Mulheres em cargos de liderança recebem 37,3% a menos que homens, aponta levantamento
Relatório de Transparência Salarial do Ministério do Trabalho e Emprego (MTE) aponta que mulheres em cargos de direção e gerência no Amazonas tem remuneração 37,3% menor do que homens que exercem a mesma função. Os números datam de dezembro de 2025 e mostram ainda que o índice amazonense é maior do que a média nacional, de 26,9%, além de ter havido um aumento na desigualdade em relação a 2024, quando mulheres ganhavam 36,1% a menos que homens nos cargos de direção e gerência.
A diferença detectada em 2025 também ocorre entre profissionais técnicos de nível médio. Nesse segmento, as mulheres possuem uma remuneração média 34,1% menor que trabalhadores homens no Amazonas. Entre os profissionais que ocupam cargos com exigência de ensino superior, a remuneração média das mulheres é 30,8%.
As mulheres no Amazonas continuam enfrentando disparidades salariais significativas em relação aos homens, segundo dados mais recentes do mercado de trabalho. Em cargos de liderança, a diferença chega a 37,3%, evidenciando um cenário persistente de desigualdade.

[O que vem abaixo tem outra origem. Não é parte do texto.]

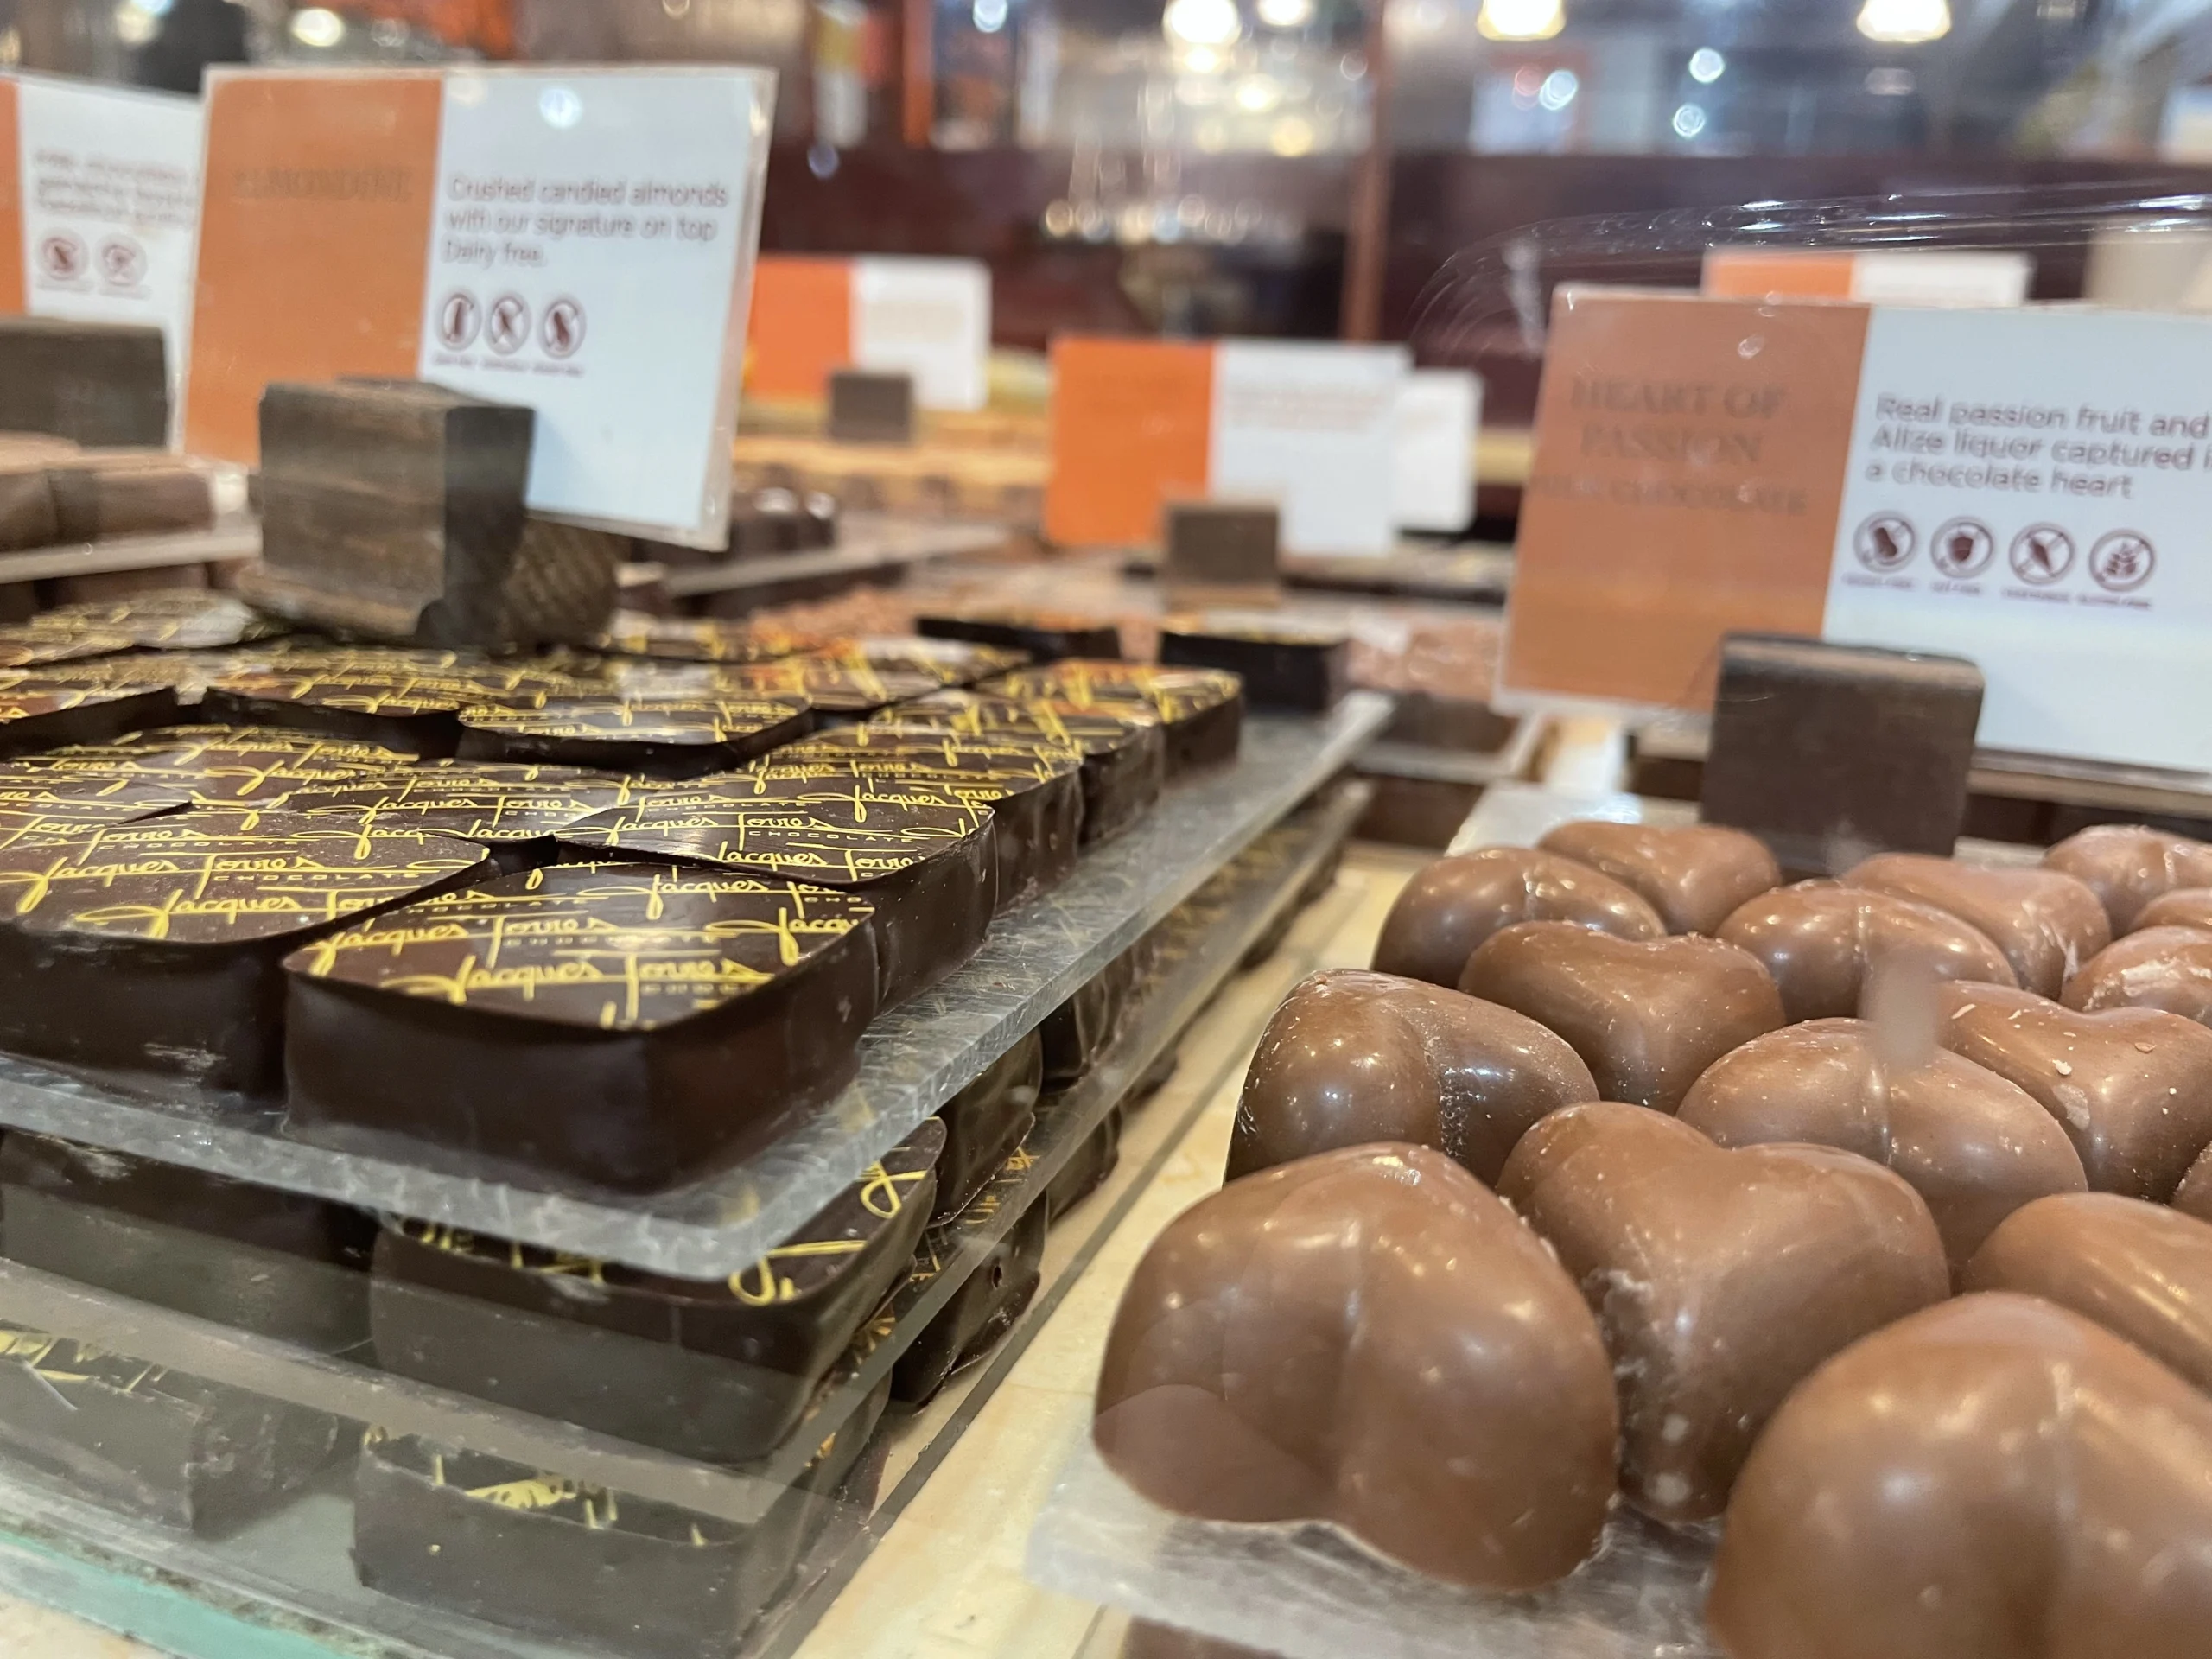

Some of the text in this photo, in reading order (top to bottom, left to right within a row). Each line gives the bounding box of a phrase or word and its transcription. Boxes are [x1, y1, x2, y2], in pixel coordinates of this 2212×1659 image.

[448, 175, 728, 207] Crushed candied almonds
[446, 208, 718, 243] with our signature on top
[442, 238, 494, 268] Dairy
[1570, 378, 1788, 420] HEART OF
[1875, 394, 2210, 441] Real passion fruit and
[1952, 430, 2045, 461] liquor
[2050, 437, 2196, 474] captured
[1865, 461, 2136, 501] a chocolate heart
[302, 796, 454, 827] Jacques
[796, 785, 947, 824] Jacques
[74, 821, 214, 867] Torres
[95, 837, 299, 852] CHOCOLATE
[553, 811, 836, 852] Jacques Torres
[747, 830, 914, 843] CHOCOLATE
[677, 840, 834, 872] Jacques
[0, 849, 327, 914] Jacques Torres
[212, 872, 422, 882] CHOCOLATE
[576, 874, 769, 920] Jacques
[74, 888, 304, 940] Jacques
[301, 911, 622, 977] Jacques Torres
[380, 954, 605, 1006] Jacques
[550, 949, 777, 1022] Torres

Nos níveis operacionais e administrativos, as diferenças são menores, mas ainda relevantes. Enquanto nas atividades operacionais as mulheres recebem cerca de 26% a menos, nos serviços administrativos a diferença é de 12%. Na média geral, a remuneração feminina no estado é 20,9% inferior à dos homens.
Os dados, referentes a dezembro de 2025, foram coletados a partir de 830 estabelecimentos que informaram a Relação Anual de Informações Sociais (RAIS), base utilizada pelo Ministério do Trabalho para análises do mercado. No período, foram registrados 286,7 mil vínculos empregatícios, sendo 101,5 mil ocupados por mulheres e 185,2 mil por homens — o que representa 35,4% da força de trabalho feminina em empresas com 100 ou mais funcionários.
Apesar de um leve avanço na participação das mulheres no mercado — com crescimento de 2,5% em relação a 2024 —, a desigualdade salarial aumentou em diversos segmentos. O maior avanço da disparidade foi observado entre profissionais técnicos de nível médio, com alta de 2,2%.
Em termos de rendimento, a média salarial das mulheres no Amazonas foi de R$ 3.045,22, contra R$ 3.848,33 dos homens. O recorte por raça evidencia desigualdades ainda maiores: mulheres negras recebem, em média, R$ 2.917,14, enquanto mulheres não negras chegam a R$ 3.808,97. Entre os homens, os rendimentos médios são de R$ 3.651,98 para negros e R$ 5.176,37 para não negros.
Especialistas apontam que a diferença salarial está ligada a fatores históricos e estruturais. Para a economista Denise Kassama, o cenário reflete uma cultura de desvalorização do trabalho feminino, marcada pela sobrecarga de jornadas e pela desigualdade de oportunidades.
Já a professora Ivânia Vieira, da Universidade Federal do Amazonas, avalia que o problema está associado a estruturas sociais enraizadas, como o machismo e o patriarcado, que ainda influenciam o mercado de trabalho.
Representantes do setor industrial destacam que fatores como baixa presença feminina em cargos de alta gestão, além de interrupções na carreira, como a maternidade, contribuem para a manutenção dessas diferenças.
O relatório reforça a necessidade de políticas voltadas à equidade salarial, transparência nos rendimentos e ampliação de oportunidades para mulheres, especialmente em cargos de liderança.